Aβ potentiates the isoflurane-induced caspase-3 activation in H4 naive cells. A, Treatments with 2% isoflurane (lanes 3, 7, 11) cause caspase-3 cleavage (activation) compared with control conditions (lanes 1, 5, 9) in H4 naive cells. Aβ plus 2% isoflurane treatment (lanes 4, 8, 12) leads to a greater degree of caspase-3 cleavage than 2% isoflurane treatment alone (lanes 3, 7, 11) in a dose-dependent manner. Aβ treatments alone (lanes 2, 6, 10) also cause caspase-3 activation compared with saline treatments (lanes 1, 5, 9) in a dose-dependent manner.

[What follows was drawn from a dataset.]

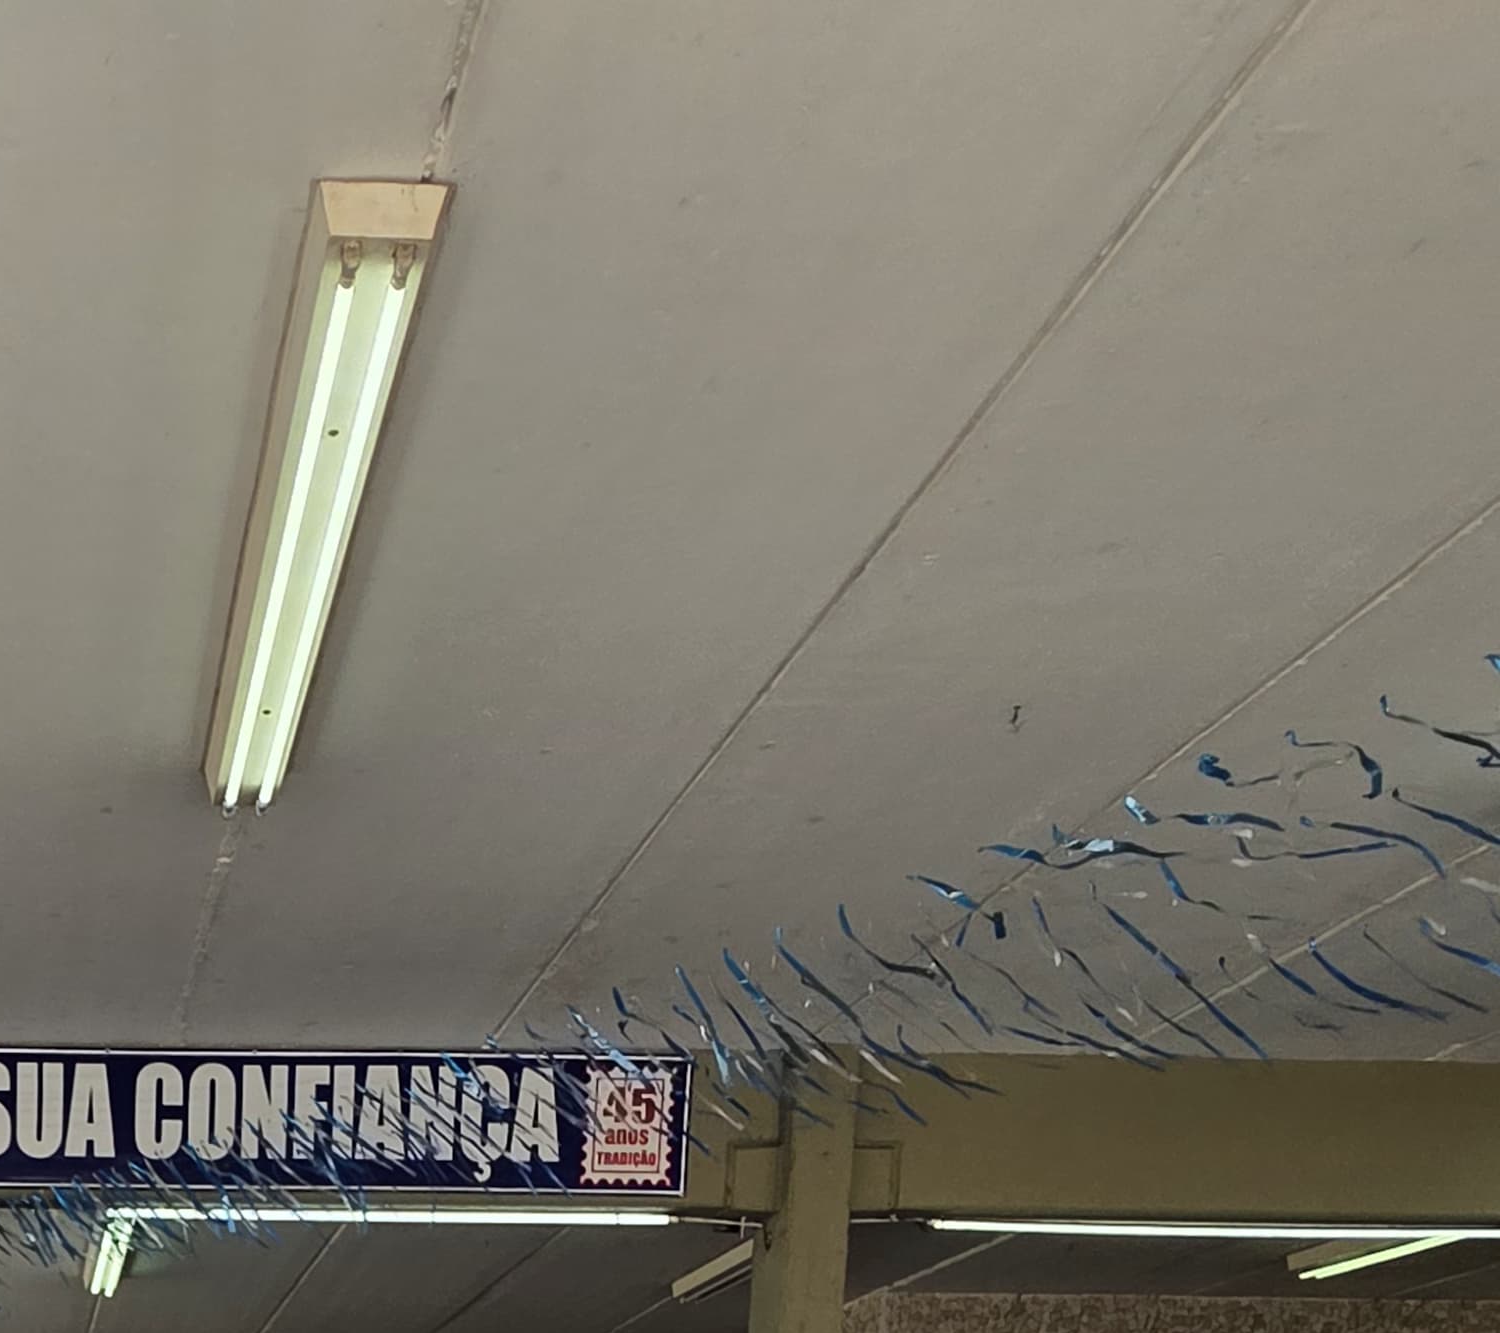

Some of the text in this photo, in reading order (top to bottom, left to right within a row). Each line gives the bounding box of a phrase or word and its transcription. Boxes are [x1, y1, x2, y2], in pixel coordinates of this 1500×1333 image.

[602, 1085, 658, 1124] 45
[134, 1062, 560, 1181] CONFIANÇA
[604, 1128, 649, 1145] anos
[597, 1150, 657, 1168] TRADIÇÃO

There is no significant difference in the amounts of β-actin between the control- or 2% isoflurane-treated H4-APP cells. B, Quantification of the Western blot shows that Aβ [0 (white bar), 2.5 (gray bar), 5 (black bar), and 7.5 μm (striped bar)] induces caspase-3 activation and potentiates the isoflurane-induced caspase-3 activation in a dose-dependent manner, normalized to β-actin levels. Data are means ± SD; n = 3 for each experimental group. t test was used to compare the difference of caspase-3 activation between saline and Aβ treatment in 2% isoflurane-treated cells (*p < 0.05; **p < 0.01) and in cells with the control condition (^# p < 0.05; ^## p < 0.01).

Figure 6.

Hypothetical pathway by which isoflurane induces a vicious cycle of apoptosis and Aβ generation and aggregation. Isoflurane induces caspase-3 activation/apoptosis. Caspase activation, in turn, increases the activities of both BACE and γ-secretase, which serve to increase Aβ generation/accumulation. Isoflurane also enhances Aβ aggregation, which further induces caspase-3 activation and apoptosis. Elevated Aβ generation/accumulation and Aβ aggregation then further induce apoptosis, leading to a vicious cycle of isoflurane-induced apoptosis and Aβ generation/accumulation and aggregation.